*EXERCISE GOAL*:
Transcribe every entry word for word, leaving out all images.

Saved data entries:

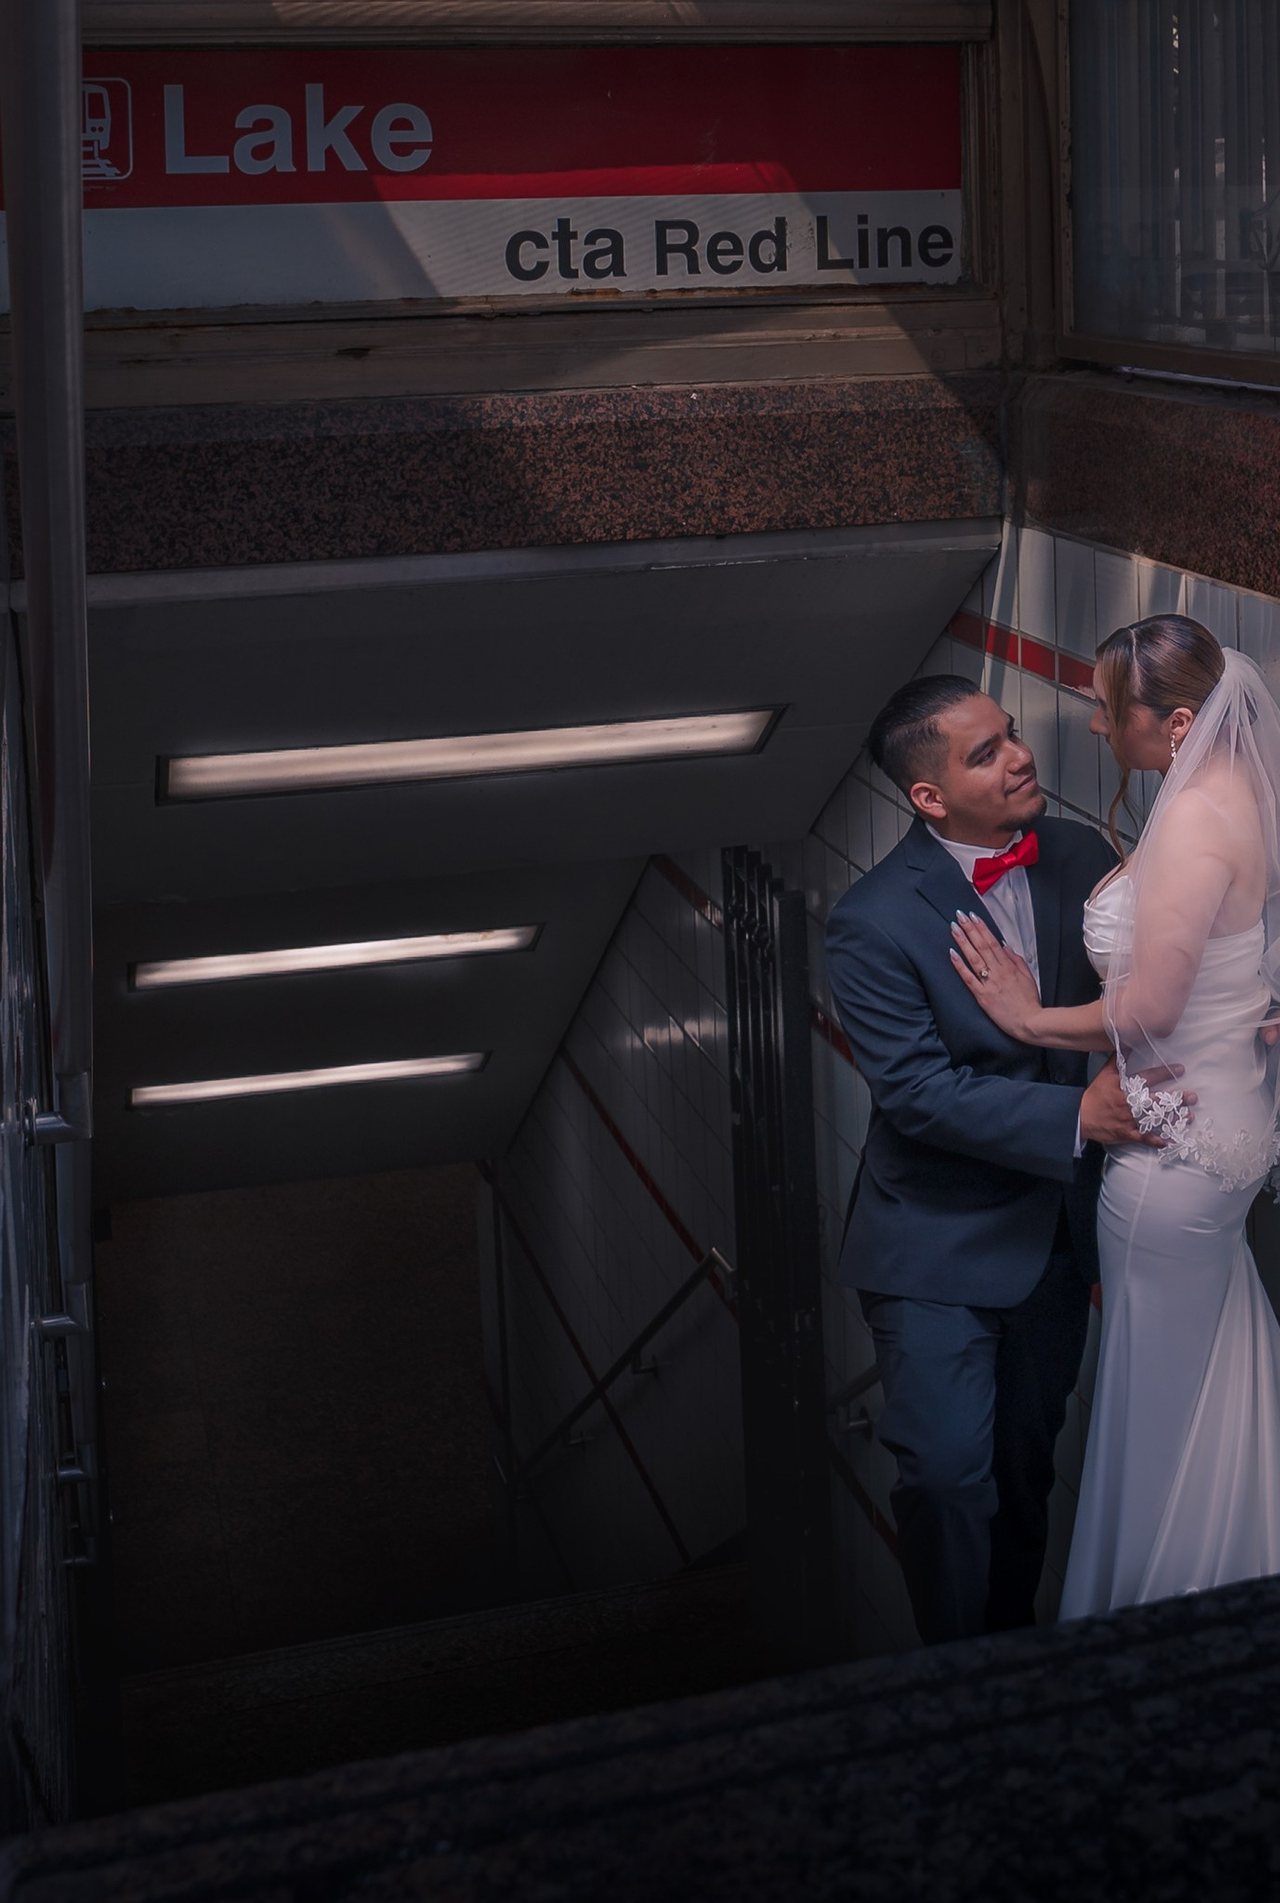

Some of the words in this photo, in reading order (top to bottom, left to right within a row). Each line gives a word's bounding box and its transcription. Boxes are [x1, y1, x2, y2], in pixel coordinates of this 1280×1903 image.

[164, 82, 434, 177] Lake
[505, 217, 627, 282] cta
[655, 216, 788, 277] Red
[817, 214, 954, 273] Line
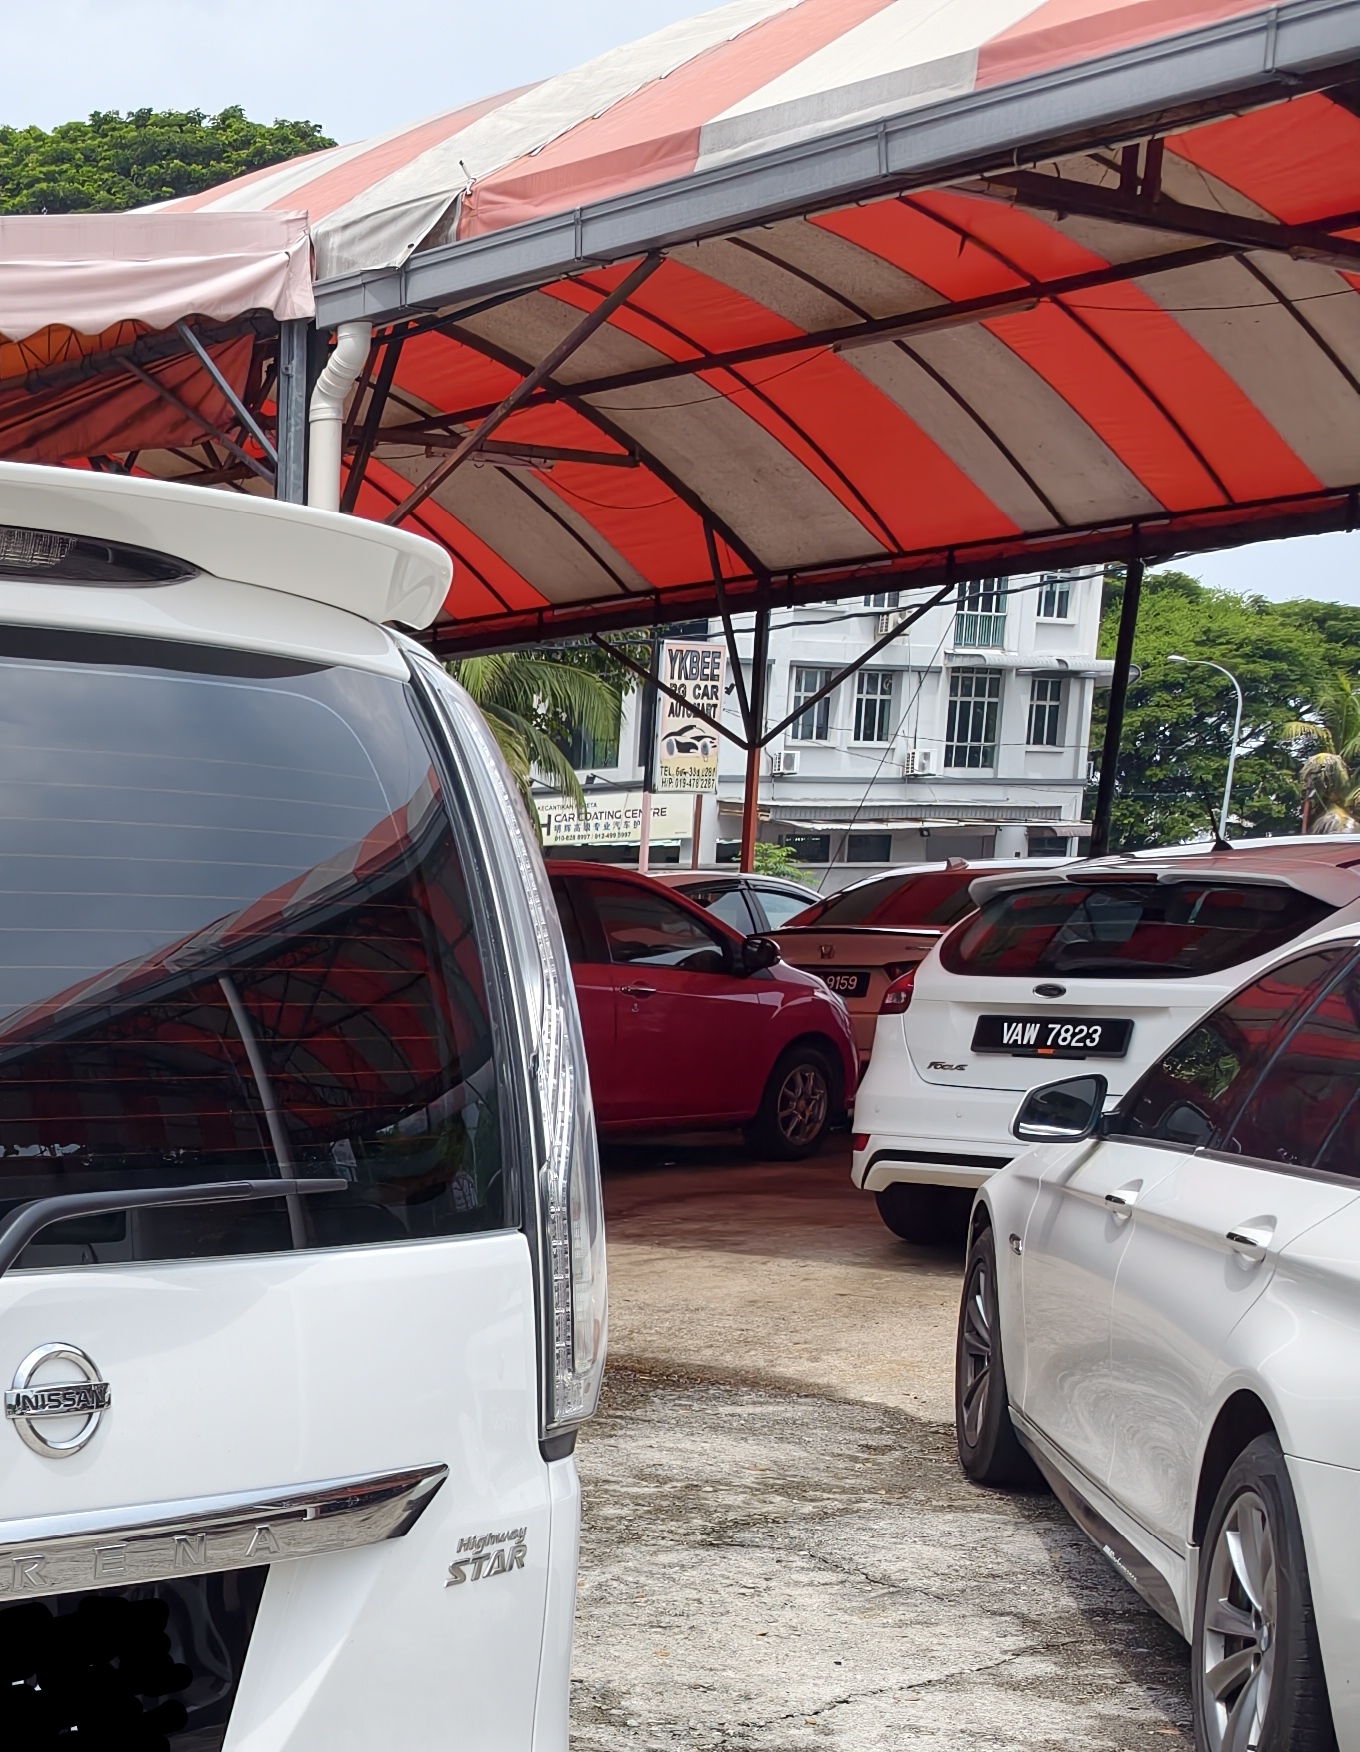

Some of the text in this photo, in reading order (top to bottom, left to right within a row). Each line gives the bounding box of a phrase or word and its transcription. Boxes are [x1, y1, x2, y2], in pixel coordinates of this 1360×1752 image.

*RESPONSE*:
Some of the words in this photo, in reading order (top to bottom, left to right within a row). Each line gives a word's bounding box and its transcription. Boxes are [x1, y1, x2, y2], in pixel coordinates of this 1280×1903 image.

[164, 82, 434, 177] Lake
[505, 217, 627, 282] cta
[655, 216, 788, 277] Red
[817, 214, 954, 273] Line

Some of the text in this photo, in reading order (top to bottom, left to right within a row). Each line gives the bounding box of a phrase or word and its transcription. Boxes are [x1, y1, x2, y2], in pixel coordinates of this 1360×1752 image.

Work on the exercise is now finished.